Miguel Albuquerque visita amanhã Ampliação do Aproveitamento Hidroelétrico da Calheta

O Presidente do Governo Regional da Madeira, Miguel Albuquerque visita amanhã, a partir das 11 horas, a obra do Projeto de Ampliação do Aproveitamento Hidroelétrico da Calheta.

O projeto, da responsabilidade da Empresa de Eletricidade da Madeira (EEM), consiste no aumento da capacidade de produção hidroelétrica e na transformação em sistema reversível, com captação, armazenamento e bombagem de água, integrando as seguintes intervenções principais:

  • Construção da Barragem do Pico da Urze (≈1.021.000 m3);
  • Construção do Reservatório de Restituição da Calheta (≈70.540 m3);
  • Construção da Central Hidroelétrica da Calheta III (2×15 MW);
  • Construção da Estação Elevatória da Calheta (3×5,9 MW);
  • Construção da conduta elevatória/forçada de 3,5 km em tubagem de diâmetro entre 1500 e 1000 mm;
  • Construção da Estação Elevatória do Paul (2×90 kW);
  • Remodelação/ampliação da Subestação do Lombo do Doutor 60/30kV;
  • Ampliação da capacidade de transporte da Levada do Paul II (cerca de 10,6 km);
  • Ampliação da capacidade de transporte da Levada Velha do Paul (cerca de 1,6 km);
  • Remodelação da Levada do Lombo do Salão (cerca de 1,8 km);
  • Recuperação Biofísica do Paúl (28,43 ha).

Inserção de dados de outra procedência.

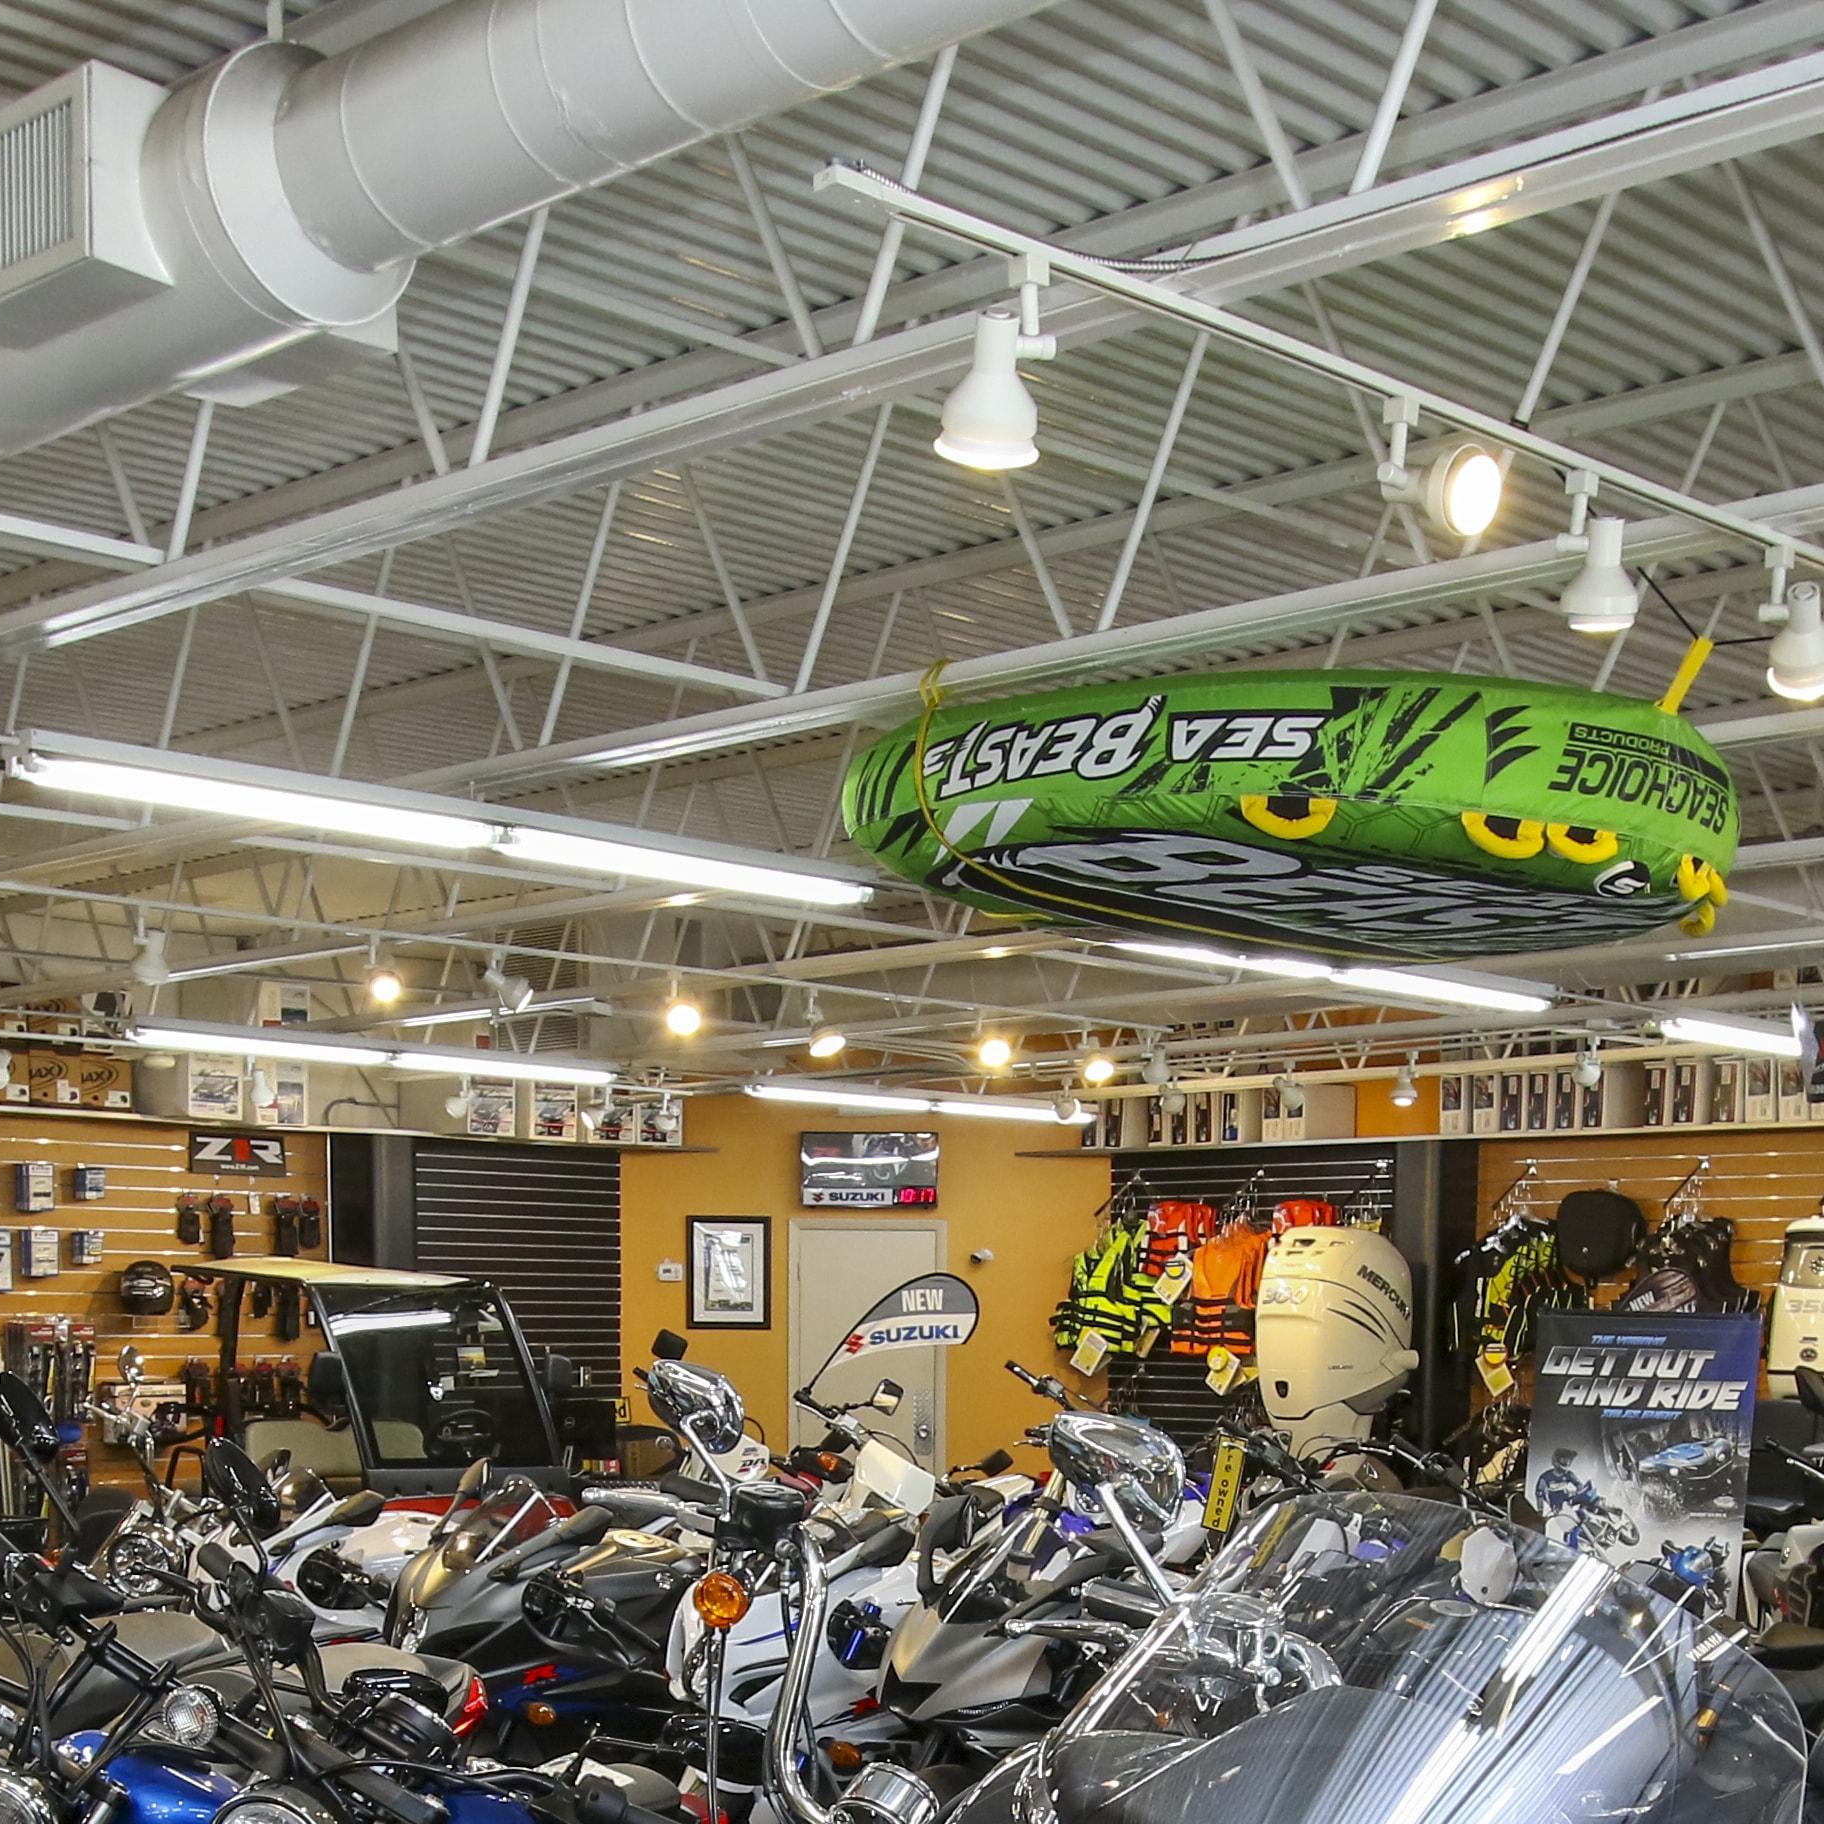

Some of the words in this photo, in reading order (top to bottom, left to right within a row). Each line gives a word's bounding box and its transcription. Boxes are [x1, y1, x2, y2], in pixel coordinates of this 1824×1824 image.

Segundo uma nota de imprensa emitida pela Presidênca do Governo Regional, o projeto insere-se numa nova filosofia de exploração dos sistemas renováveis hídrico/eólicos, através da criação de uma reserva estratégica de água para a ilha da Madeira com 1.091.540 m3, da instalação de 17,7 MW de potência de bombagem, da construção de uma nova central hidroelétrica com 30 MW de potência hídrica e do encaixe de 25 MW de potência eólica, permitindo um acréscimo de produção de energia hidroelétrica no Aproveitamento Hidroelétrico da Calheta de 26 GWh (15 GWh com afluências diretas e de 11 GWh com água bombada) e uma produção anual de energia eólica estimada em 61 GWh.

Para além da energia produzida pelo projeto, o sistema de armazenamento permitirá um aumento significativo da capacidade de receção de energias renováveis na rede elétrica da Ilha de Madeira.

Atualmente (2016-2017) a contribuição das energias renováveis no total da produção de eletricidade é de cerca de 30%. A concretização do projeto AAHC aumentará esta participação em cerca de mais 9%, constituindo um passo importante para que se atinja em 2020 a meta dos 50%.

O projeto concorre para as políticas regionais de energia, água e ambiente, que concretizam a responsabilidade da Região Autónoma da Madeira no âmbito da indispensável participação das regiões da Europa na implementação das políticas da União Europeia e enquadra-se no Plano de Desenvolvimento Económico e Social da RAM 2014-2020 e no Plano de Ação para a Energia Sustentável da ilha da Madeira.

Contribui para os compromissos regionais em matéria de consumo final bruto de eletricidade produzida a partir de energias renováveis no âmbito da Diretiva 2009/28/CE, e de redução de emissões de CO2, em cerca de 10%, decorrente da adesão da ilha da Madeira ao Pacto das Ilhas.

Transforma o Aproveitamento Hidroelétrico da Calheta existente, utilizado essencialmente no Inverno, num aproveitamento com disponibilidade permanente que passará a ser explorado durante todo ano, independentemente do regime de precipitação, contribuindo para a gestão do diagrama de cargas e para a garantia da segurança e qualidade do abastecimento de energia no sistema elétrico isolado, não interligado e de pequena dimensão da Madeira.

Para a competitividade da economia regional são também importantes os contributos para diminuir a importação e dependência de combustíveis fósseis, potenciar o investimento em energia eólica, incorporar soluções inovadoras e tecnologias eficientes, e criar postos de trabalho.

São também mais-valias do projeto, a constituição de uma reserva estratégica de água na ilha da Madeira, fundamental para a segurança do abastecimento de água para consumo humano, regadio e combate a incêndios, e o contributo da barragem na minimização do risco de aluvião na sua área de influência.

Os trabalhos decorrerão no período de dois anos.

O investimento atinge 68 milhões de euros, esperando-se uma contribuição de 45 milhões de euros de fundos no âmbito do Quadro Comunitário 2014-2020.